Re: [RFC] Source Policy, CIL, and High Level Languages

[Steve Lawrence <slawrence@tresys.com>]

On 07/17/2014 03:10 PM, Stephen Smalley wrote:
> On 07/17/2014 02:58 PM, Steve Lawrence wrote:
>> I think the only remaining issue is the one Dominick mentioned in his
>> first email regarding file_contexts.homedirs. I don't think this is an
>> actual bug, just the migration script migrating things that don't need
>> to be migrated. Still investigating it. We should have an update
>> sometime tomorrow.
> 
> So everything you reverted you restored in equivalent form?
> 

Yep. The only features reverted were enable/disable and
semanage_set_root (multiple commits added these features, which is why
there are 8 commits). Enable/disable as added back by the source policy
work, and setmanage_set_root was manually added back.

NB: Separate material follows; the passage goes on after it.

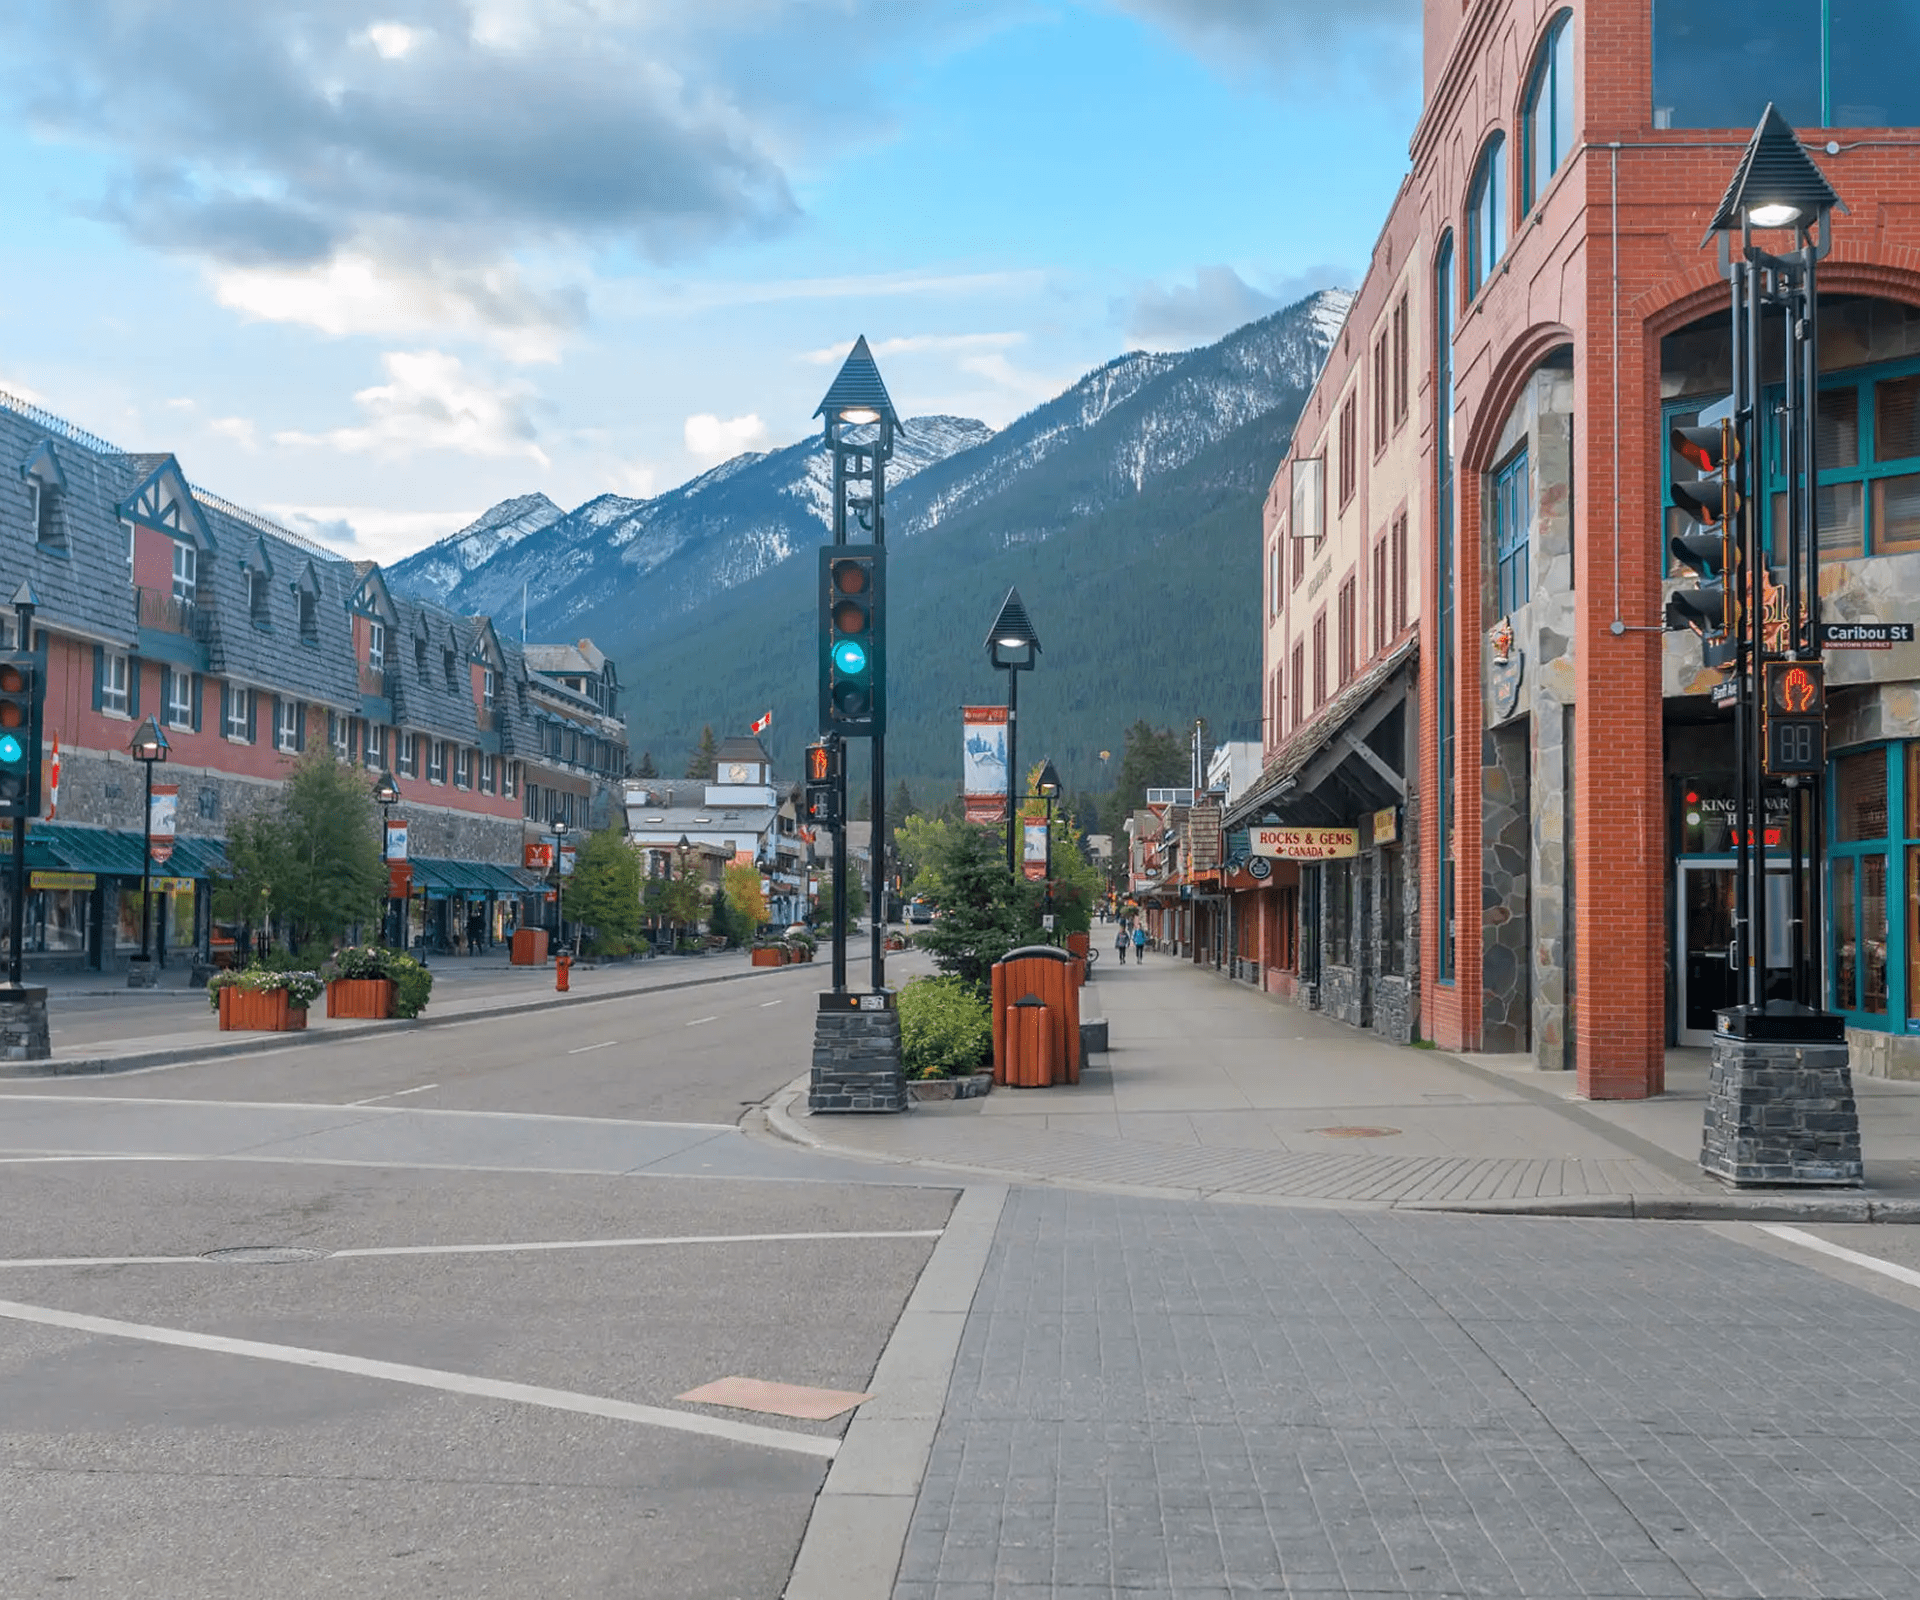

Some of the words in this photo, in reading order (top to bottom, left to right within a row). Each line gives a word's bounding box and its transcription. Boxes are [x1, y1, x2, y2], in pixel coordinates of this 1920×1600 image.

>>> What new functionality is included here that was not previously
>>> supported by the old policy toolchain?
>>
>> In terms a user would see, the most visible change is support for CIL
>> policies and HLLs, of which there's only one right now (pp2cil). There
>> are also some new semanage.conf options (target-platform, compiler-dir,
>> ignore-module-cache, store-root) but I imagine the vast majority of
>> people could just use the defaults. Similarly, we've added
>> --ignore-module-cache and --store-root to the semodule command. We've
>> also moved the store to /var/lib/selinux, but this is more behind the
>> scenes and should really only affect distributions.
> 
> What about new features/options of the user-facing commands?  I know
> some features were copied from earlier source/CIL releases into the main
> selinux userspace (e.g. enabled/disabled modules), but aren't some
> things like module priorities new?

Yes. The changes to semodule were:

New option -X, --priority to set the priority, defaults to 400.
New option -C, --ignore_module_cache to ignore cached CIL modules to
force recompilation.
Deprecated --base and --upgrade, which are both equivalent to --install.
Versions are no longer output in semodule --list (they don't exist in CIL).
The -l option can now accept a parameter (either "full" or "standard").
"standard" lists just active modules. This is the default if a parameter
is not provided. "full" lists all modules, priorities, and high level
language.

Changes to semanage:
- Add support for priorities with the module subcommand with the -X option
- Removes version references
- Modifies list to also output priority and hll
- Making a module permissive uses CIL instead of building a pp module



>> Though, there are two things we just realized have a different behavior.
>>
>> 1) verify_modules is now performed on the CIL modules, rather than pp
>> (or HLL) modules. So if someone is using verify_modules, things will
>> probably break. I'm not sure if anyone uses this feature or how
>> important it is that we maintain backwards compatibility.
>>
>> 2) verify_linked is no longer called, since there isn't any concept of a
>> linked base module with CIL
>>
>> Aside from that, I think all functionality should remain the same.
> 
> I'm not aware of anyone using anything other than verify kernel.
> 
>>> Any chance of getting a hll compiler for refpolicy source modules, i.e.
>>> in .if/.te/.fc form?
>>
>> That's in the plan. Jim has a tool that will compile .if/.te/.fc to CIL,
>> but the current HLL infrastructure may need some changes before that can
>> be supported. I think the main problem is that Jim's tool needs
>> knowledge of all modules to be able to convert them to CIL, but the
>> current HLL infrastructure compiles each module separately. We have
>> various ideas on how we can update the HLL infrastructure to support
>> this, but we've primarily been focused on getting the core CIL/HLL
>> functionality complete and upstreamed before focusing on the more
>> complicated HLL patterns.
> 
> Ok.  Ultimately audit2allow -M i.e. sepolgen module compiler should be
> re-tooled to generate source modules, and we'll essentially need a
> workflow that replaces the old make -f /usr/share/selinux/devel/Makefile
> mymodule.pp; semodule -i mymodule.pp.